The TDS inside a boiler should be maintained at recommended levels else it can lead to scaling of the boiler tubes and eventually failure of the tubes which is a safety hazard.

Maintaining high TDS levels in the boiler can lead to scaling on the tube side. Scale creates a problem because its thermal conductivity is much less than the corresponding the corresponding value of bare steel. Even thin layers of scale serve as an effective insulator and retard heat transfer. The result is overheating of boiler tube metal, tube failures and loss of energy efficiency.

Scale deposits occur when calcium, magnesium, and silica, commonly found in most water supplies, react to from a continuous layer of material on the waterside of the boiler heat exchange tubes.
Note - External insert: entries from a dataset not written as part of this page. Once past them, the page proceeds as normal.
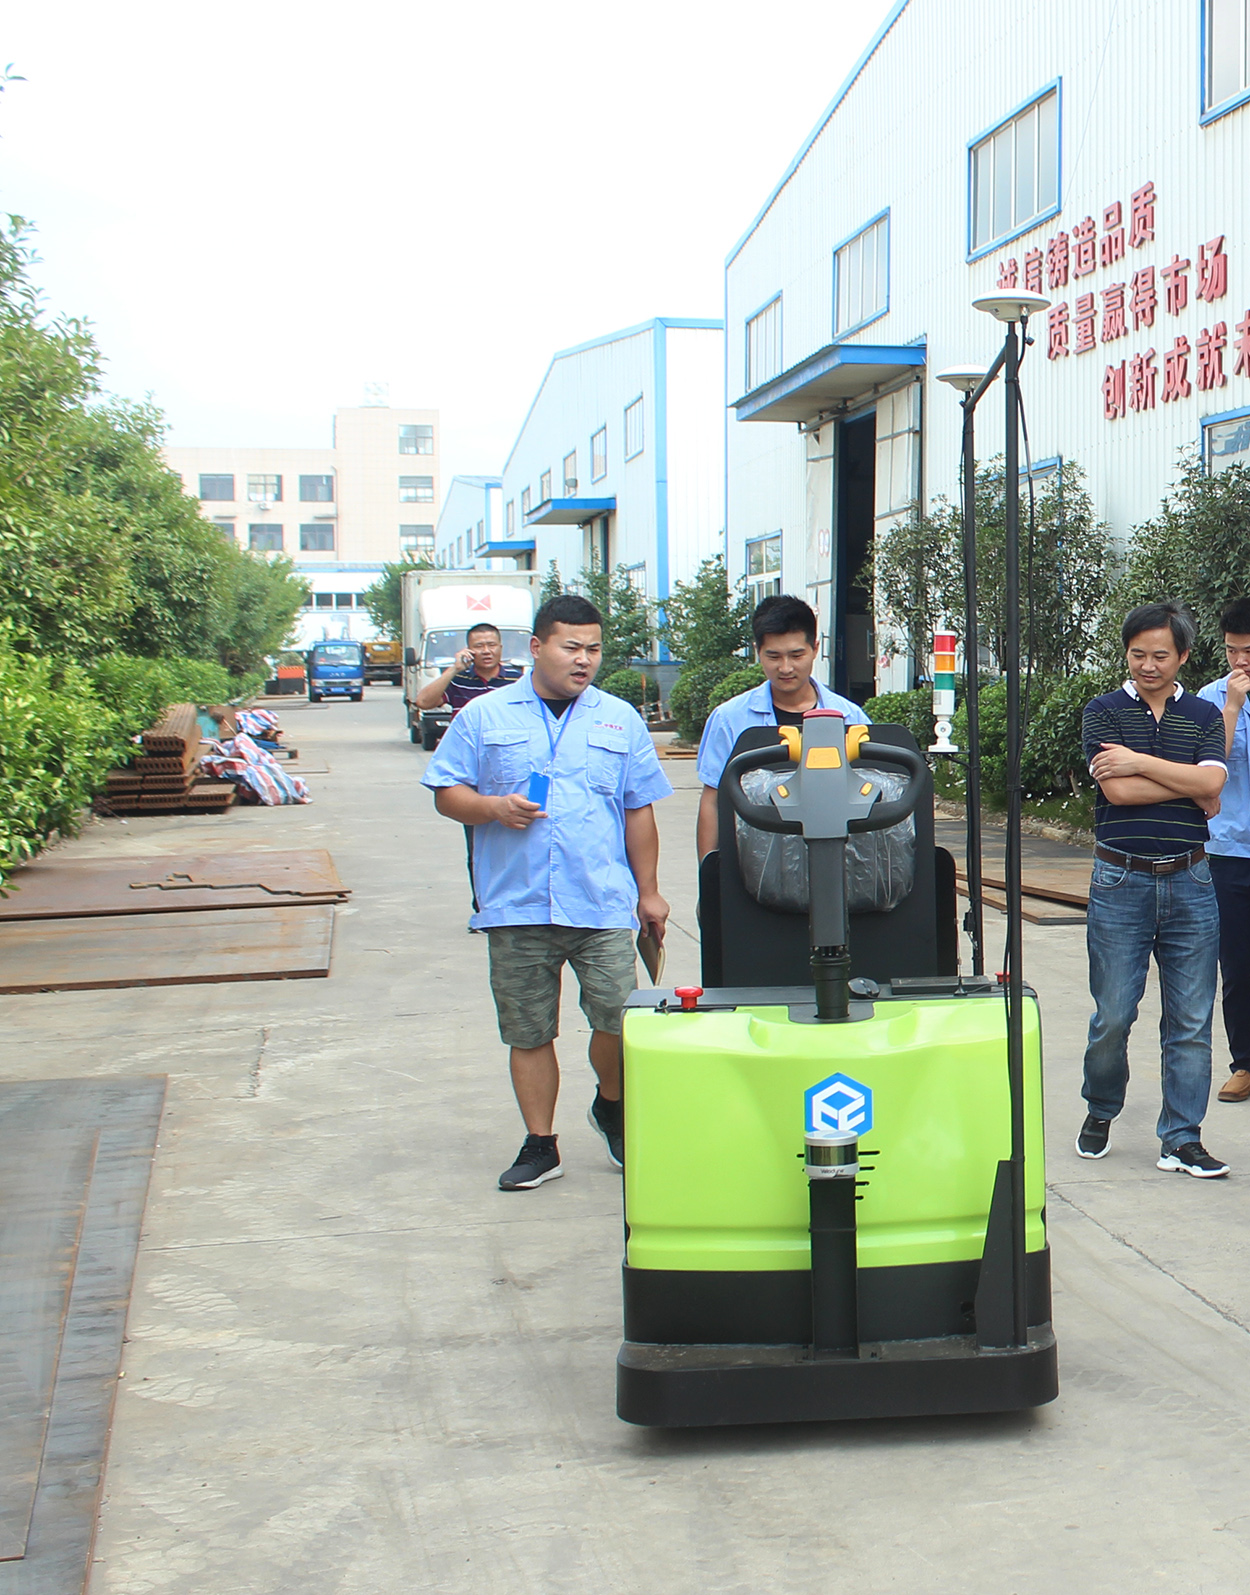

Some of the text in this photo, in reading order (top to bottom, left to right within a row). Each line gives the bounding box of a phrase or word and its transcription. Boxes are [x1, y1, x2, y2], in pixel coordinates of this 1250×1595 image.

[1047, 235, 1228, 361] 质量赢得市场
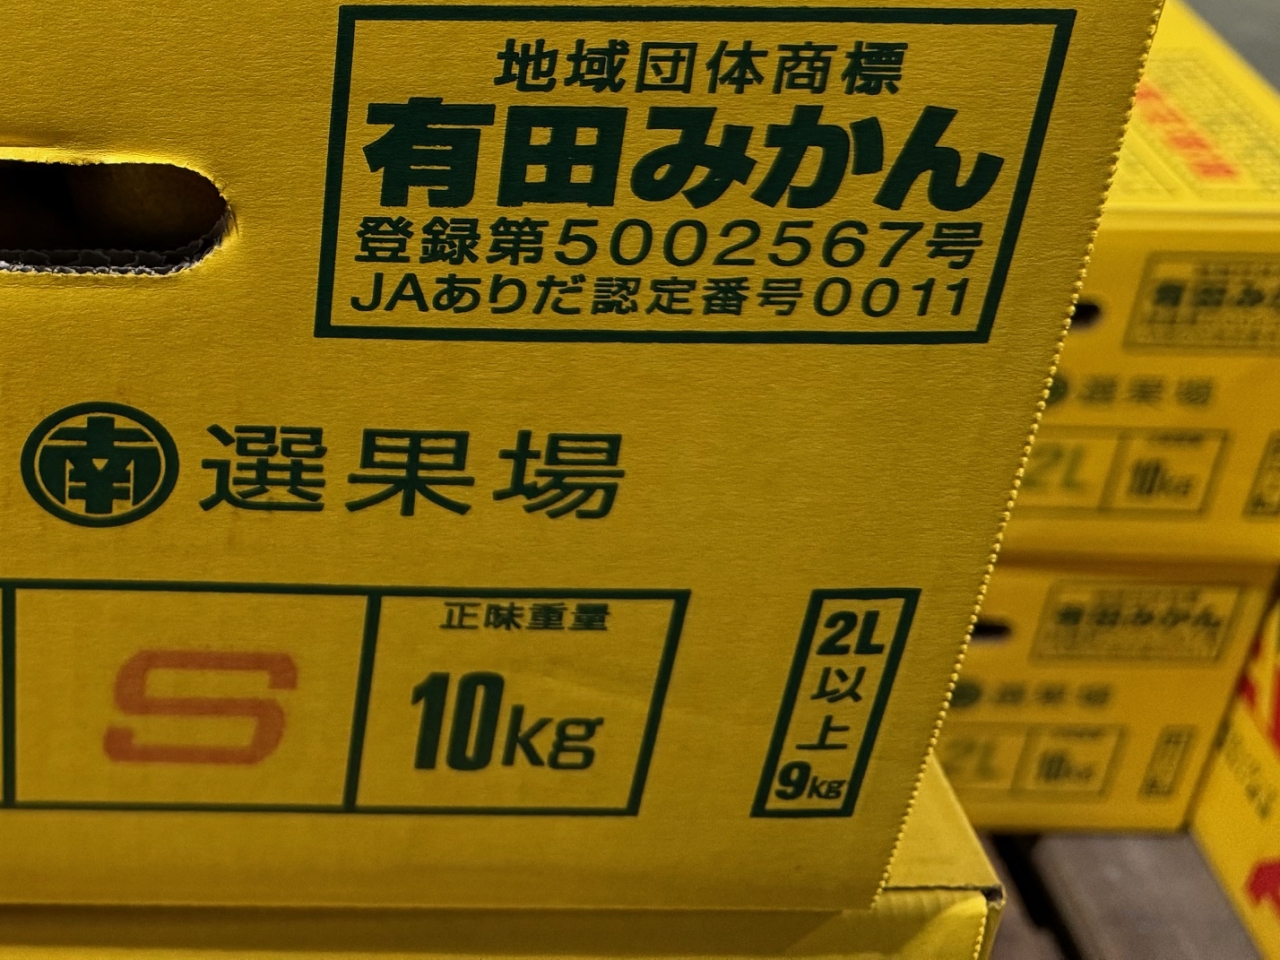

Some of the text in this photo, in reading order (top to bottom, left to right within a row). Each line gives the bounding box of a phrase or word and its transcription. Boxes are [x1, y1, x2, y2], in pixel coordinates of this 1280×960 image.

[495, 38, 909, 95] 地域団体商標
[363, 96, 1005, 212] 有田みかん
[355, 215, 984, 269] 登録第5002567号
[350, 271, 969, 318] JAありだ認定番号0011
[198, 423, 626, 520] 選果場
[438, 601, 612, 633] 正味重量
[822, 610, 888, 658] 2L
[103, 648, 299, 766] S
[411, 671, 605, 772] 10kg
[774, 759, 849, 805] 9kg
Independent of the size of the boiler, prevention of scale formation can produce substantial energy savings. Scale formation can be best dealt with in two major ways,

  • Reducing the incoming feedwater TDS
  • Maintaining the TDS levels in the boiler

Feedwater tds is maintained by chemical pretreatment of water and blowdown maintains the boiler TDS levels. As we all know failure of boiler tubes can even be explosive at times and thus hazardous.

Condensate being pure, its recovery to feedwater tank reduces the requirement for addition of chemicals and maintains / reduces the feedwater TDS level and also the boiler blowdown frequency, thus saving energy.